-------- Available records --------

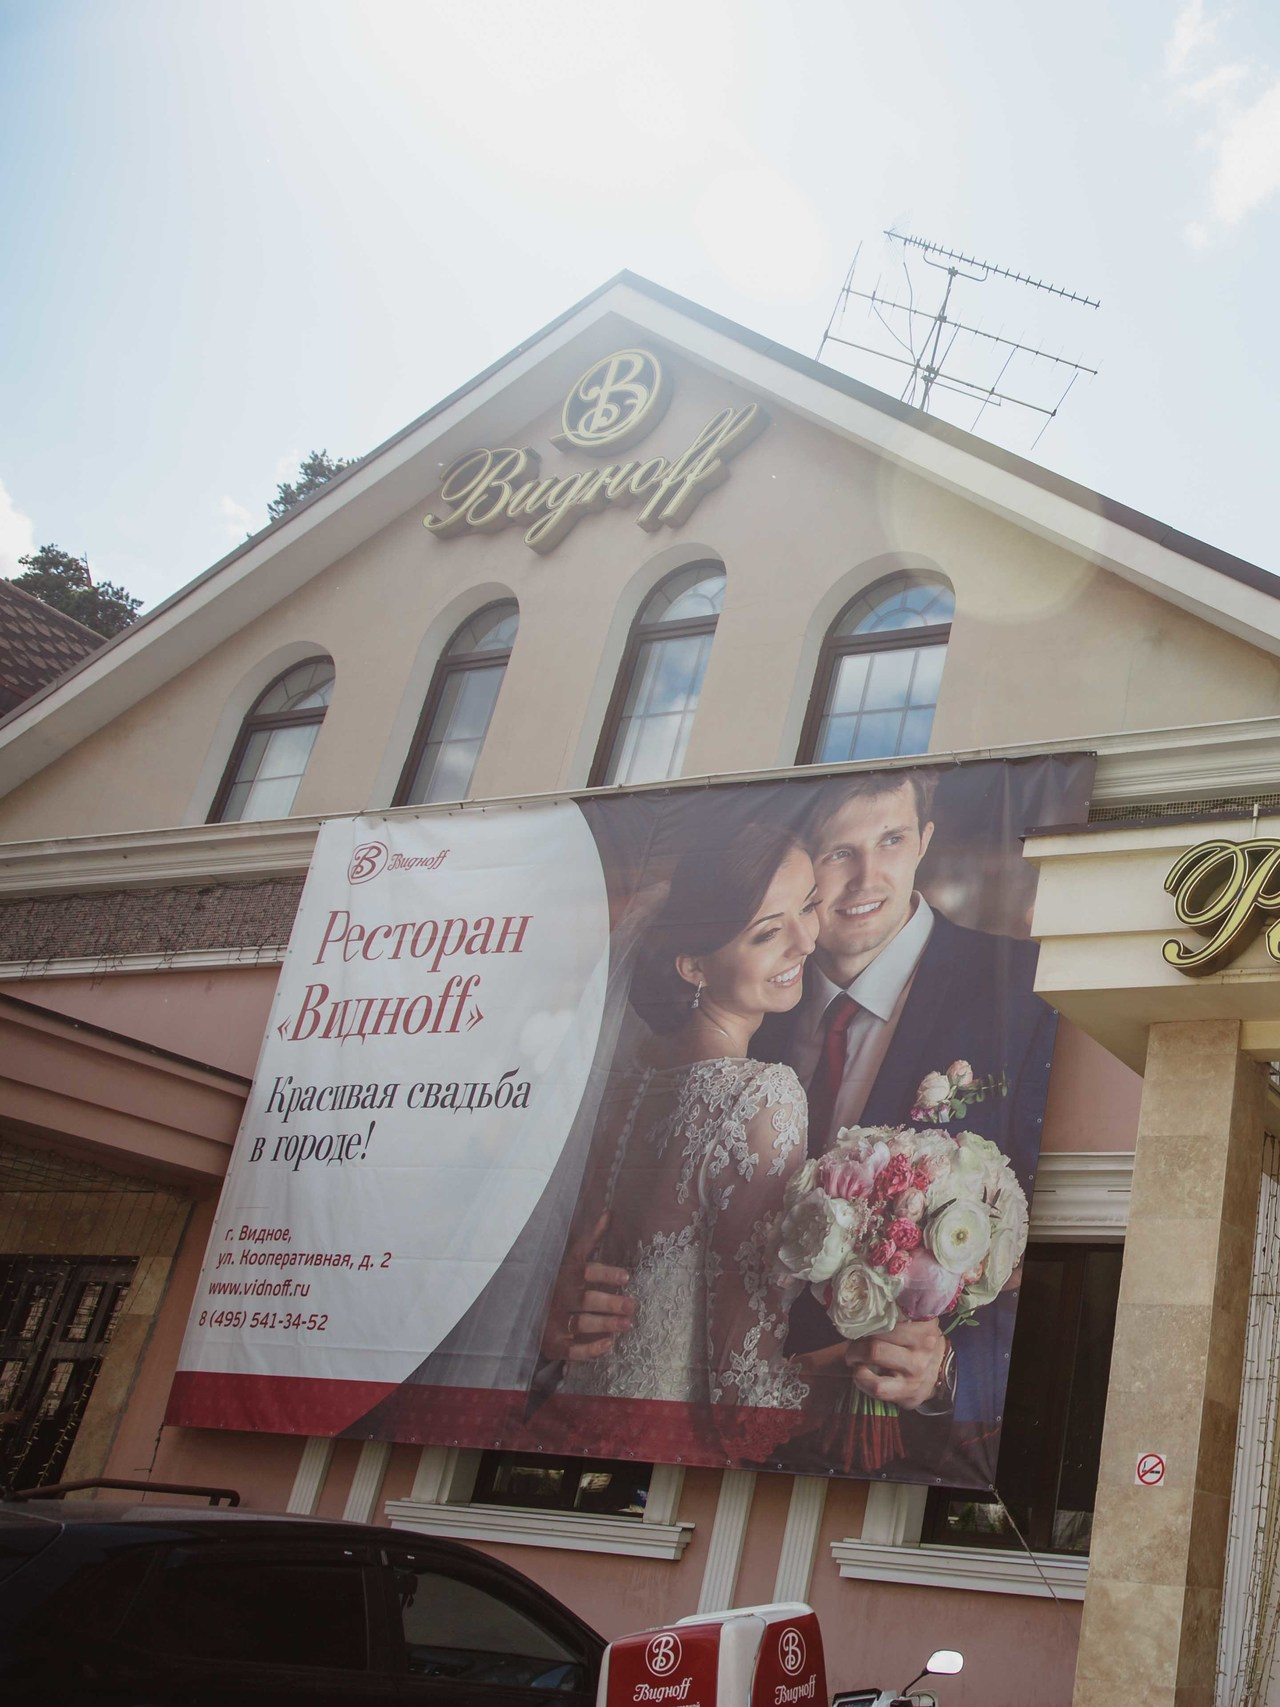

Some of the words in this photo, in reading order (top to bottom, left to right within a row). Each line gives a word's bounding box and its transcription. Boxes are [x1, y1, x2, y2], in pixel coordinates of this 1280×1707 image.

[312, 910, 533, 973] Ресторан
[264, 1075, 400, 1123] Красивая
[406, 1067, 532, 1115] свадьба
[248, 1136, 266, 1162] в
[270, 1120, 376, 1172] городе!
[224, 1228, 234, 1241] г.
[238, 1225, 292, 1244] Видное,
[216, 1251, 235, 1269] ул.
[239, 1249, 354, 1270] Кооперативная,
[357, 1254, 375, 1271] д.
[380, 1252, 392, 1268] 2
[208, 1279, 310, 1297] www.vidnoff.ru
[250, 1312, 328, 1331] 541-34-52
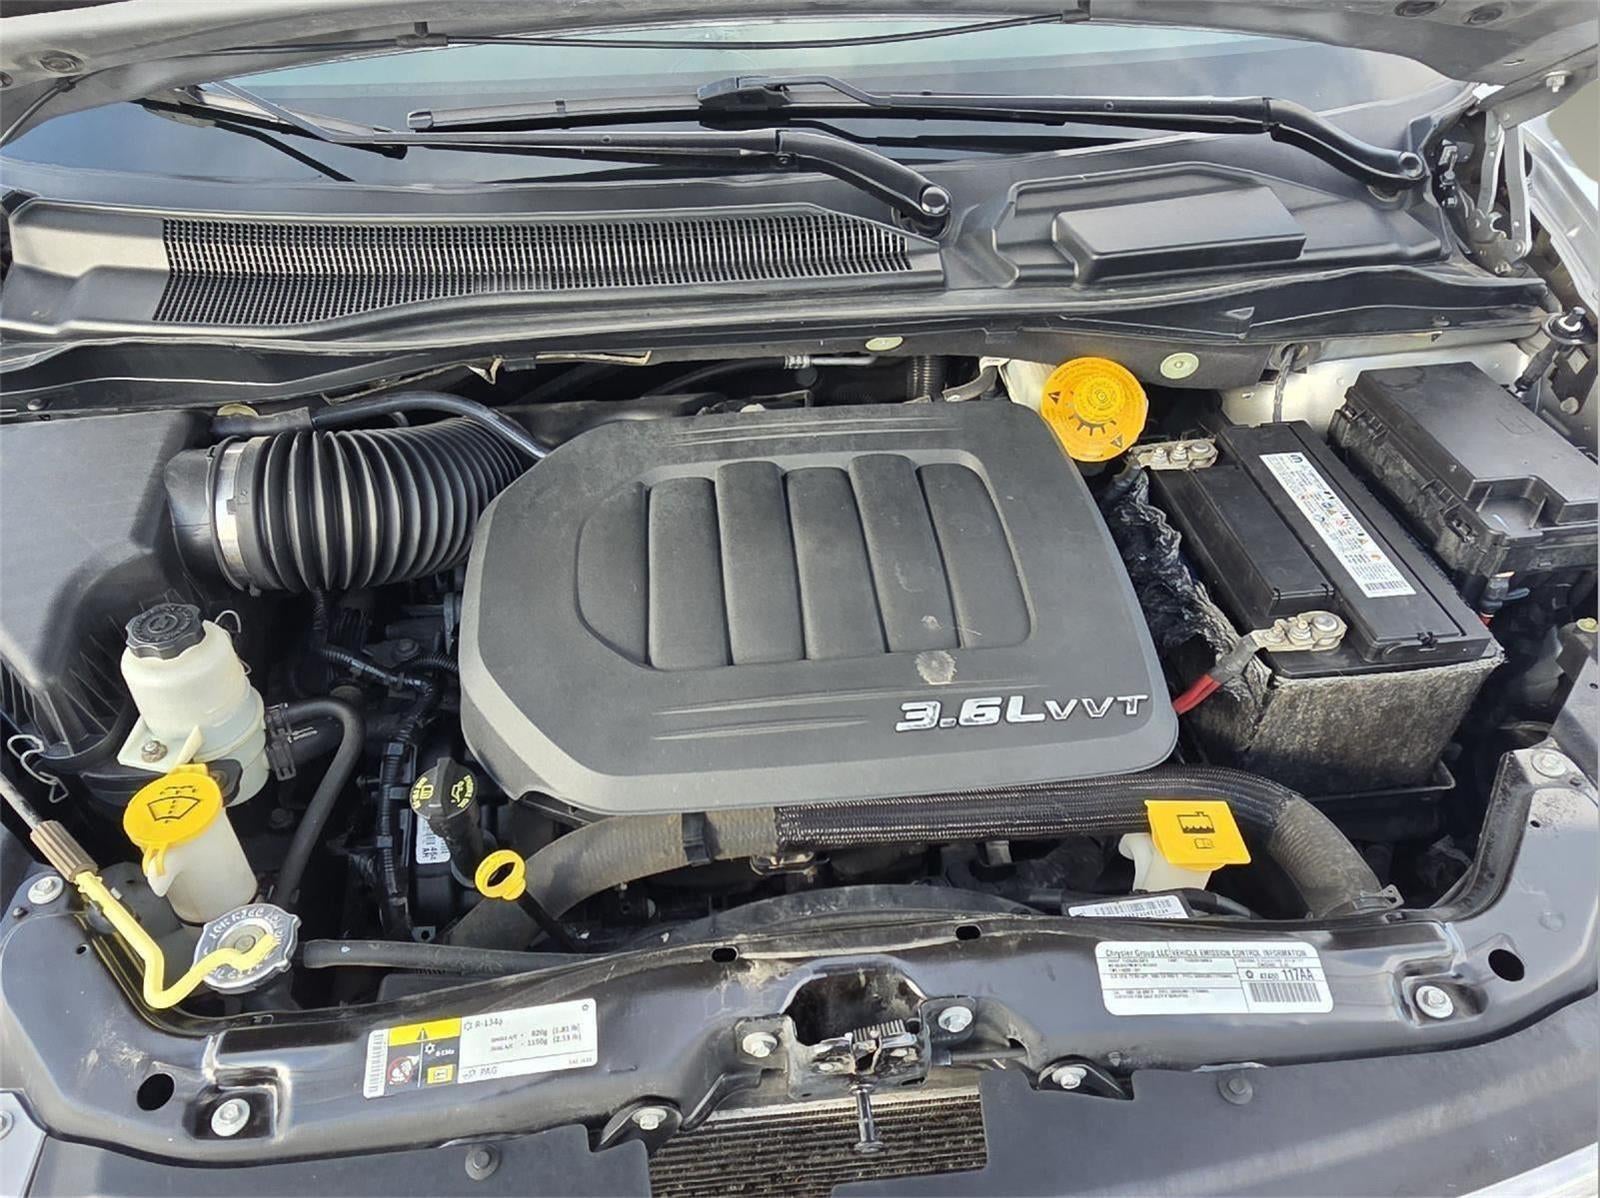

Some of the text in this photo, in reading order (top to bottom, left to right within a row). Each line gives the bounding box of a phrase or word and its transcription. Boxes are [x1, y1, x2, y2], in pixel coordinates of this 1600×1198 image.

[895, 695, 1045, 732] 3.6L
[1134, 949, 1155, 958] Group
[1172, 949, 1198, 957] VEHICLE
[1232, 949, 1260, 957] CONTROL
[1262, 949, 1307, 957] INFORMATION
[1282, 968, 1314, 981] 117AA

--------

Exercise =>
Extract all the entries word for word; omit any pictures.

Your response =>
Some of the words in this photo, in reading order (top to bottom, left to right within a row). Each line gives a word's bounding box and its transcription. Boxes are [x1, y1, x2, y2], in pixel coordinates of this 1280×1707 image.

[312, 910, 533, 973] Ресторан
[264, 1075, 400, 1123] Красивая
[406, 1067, 532, 1115] свадьба
[248, 1136, 266, 1162] в
[270, 1120, 376, 1172] городе!
[224, 1228, 234, 1241] г.
[238, 1225, 292, 1244] Видное,
[216, 1251, 235, 1269] ул.
[239, 1249, 354, 1270] Кооперативная,
[357, 1254, 375, 1271] д.
[380, 1252, 392, 1268] 2
[208, 1279, 310, 1297] www.vidnoff.ru
[250, 1312, 328, 1331] 541-34-52

Some of the text in this photo, in reading order (top to bottom, left to right within a row). Each line gives the bounding box of a phrase or word and its transcription. Boxes are [x1, y1, x2, y2], in pixel coordinates of this 1600×1198 image.

[895, 695, 1045, 732] 3.6L
[1134, 949, 1155, 958] Group
[1172, 949, 1198, 957] VEHICLE
[1232, 949, 1260, 957] CONTROL
[1262, 949, 1307, 957] INFORMATION
[1282, 968, 1314, 981] 117AA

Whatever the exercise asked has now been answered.